● What you need to do: Every line of the material below needs to be copied exactly; omit the pictures.

━━━━━━━━━━━━━━━━━━━━

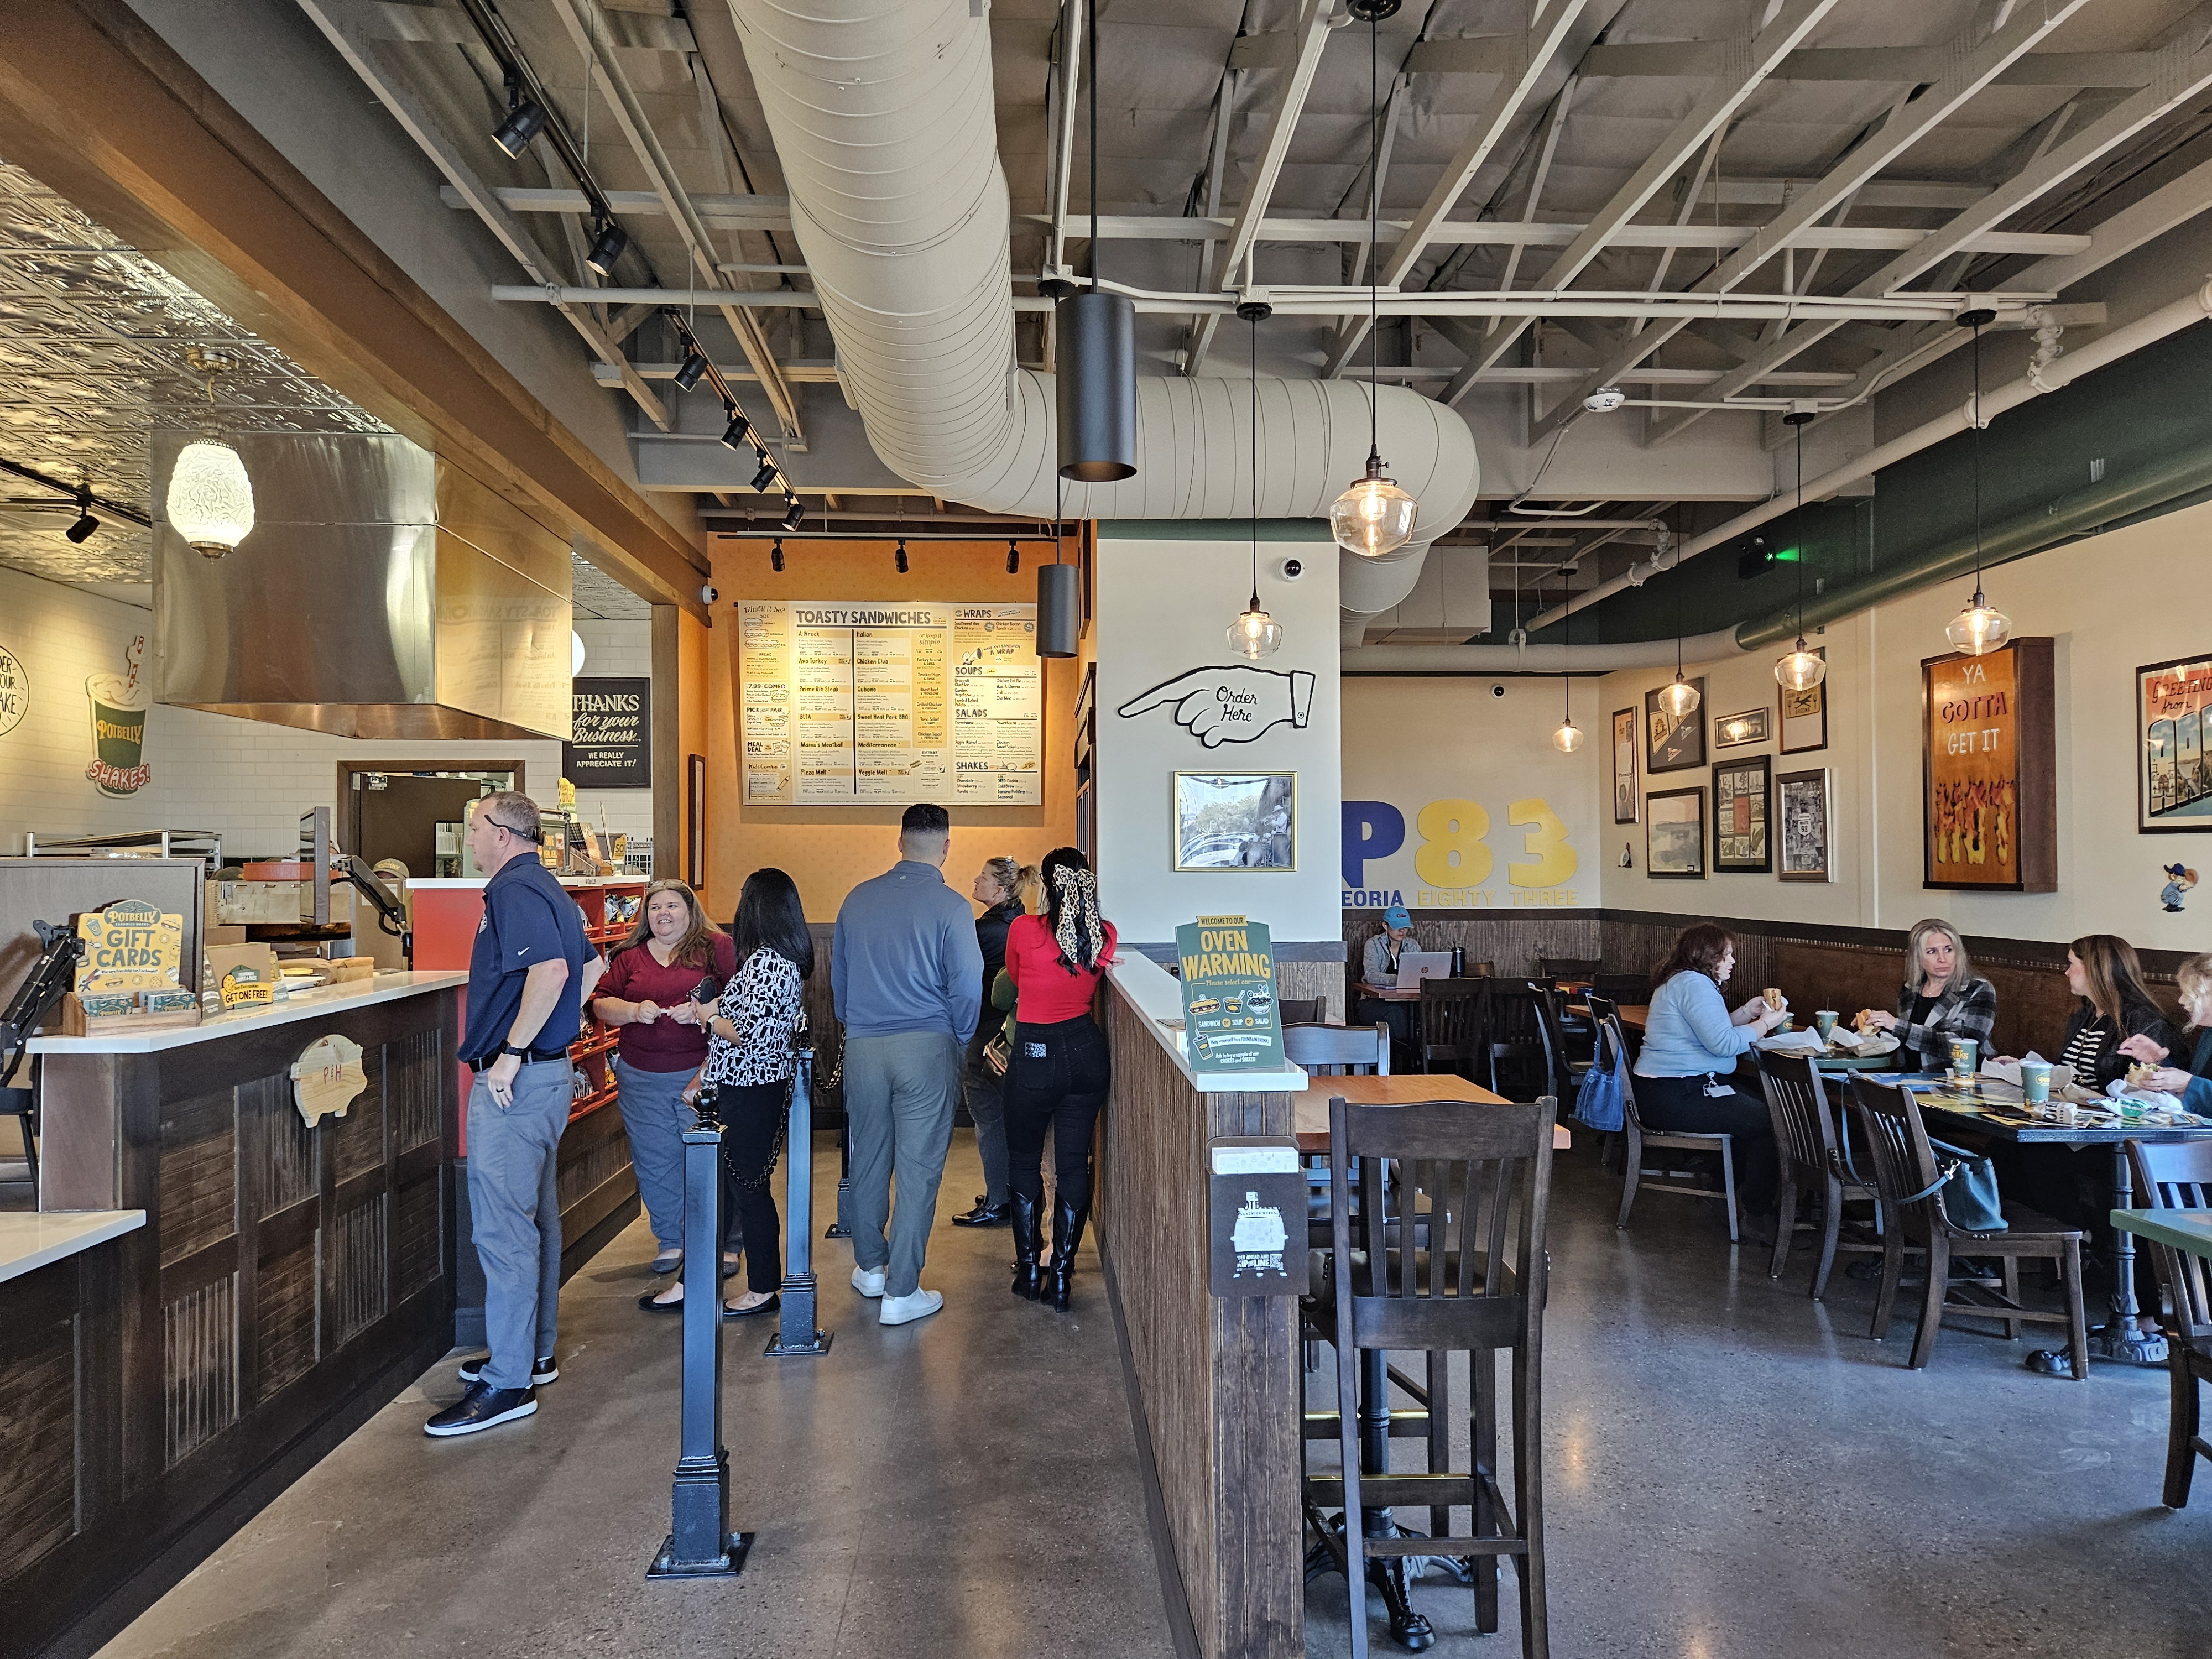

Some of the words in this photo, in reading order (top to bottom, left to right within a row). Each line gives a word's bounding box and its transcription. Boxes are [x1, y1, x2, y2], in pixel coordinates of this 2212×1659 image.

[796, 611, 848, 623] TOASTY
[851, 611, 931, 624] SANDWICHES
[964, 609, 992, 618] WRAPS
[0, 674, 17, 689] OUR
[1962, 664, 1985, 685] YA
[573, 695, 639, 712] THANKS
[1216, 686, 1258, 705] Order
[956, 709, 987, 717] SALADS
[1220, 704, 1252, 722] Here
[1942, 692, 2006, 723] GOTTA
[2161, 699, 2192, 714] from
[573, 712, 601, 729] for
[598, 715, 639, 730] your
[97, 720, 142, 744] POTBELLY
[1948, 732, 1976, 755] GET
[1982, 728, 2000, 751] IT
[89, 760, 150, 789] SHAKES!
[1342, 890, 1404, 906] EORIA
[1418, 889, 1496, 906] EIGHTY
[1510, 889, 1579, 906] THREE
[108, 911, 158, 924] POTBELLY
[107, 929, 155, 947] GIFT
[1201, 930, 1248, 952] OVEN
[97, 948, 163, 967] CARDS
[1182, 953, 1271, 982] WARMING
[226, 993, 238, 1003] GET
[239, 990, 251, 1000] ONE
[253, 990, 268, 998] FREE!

━━━━━━━━━━━━━━━━━━━━

● Task response:
Some of the words in this photo, in reading order (top to bottom, left to right within a row). Each line gives a word's bounding box and its transcription. Boxes are [x1, y1, x2, y2], in pixel coordinates of this 2212×1659 image.

[796, 611, 848, 623] TOASTY
[851, 611, 931, 624] SANDWICHES
[964, 609, 992, 618] WRAPS
[0, 674, 17, 689] OUR
[1962, 664, 1985, 685] YA
[573, 695, 639, 712] THANKS
[1216, 686, 1258, 705] Order
[956, 709, 987, 717] SALADS
[1220, 704, 1252, 722] Here
[1942, 692, 2006, 723] GOTTA
[2161, 699, 2192, 714] from
[573, 712, 601, 729] for
[598, 715, 639, 730] your
[97, 720, 142, 744] POTBELLY
[1948, 732, 1976, 755] GET
[1982, 728, 2000, 751] IT
[89, 760, 150, 789] SHAKES!
[1342, 890, 1404, 906] EORIA
[1418, 889, 1496, 906] EIGHTY
[1510, 889, 1579, 906] THREE
[108, 911, 158, 924] POTBELLY
[107, 929, 155, 947] GIFT
[1201, 930, 1248, 952] OVEN
[97, 948, 163, 967] CARDS
[1182, 953, 1271, 982] WARMING
[226, 993, 238, 1003] GET
[239, 990, 251, 1000] ONE
[253, 990, 268, 998] FREE!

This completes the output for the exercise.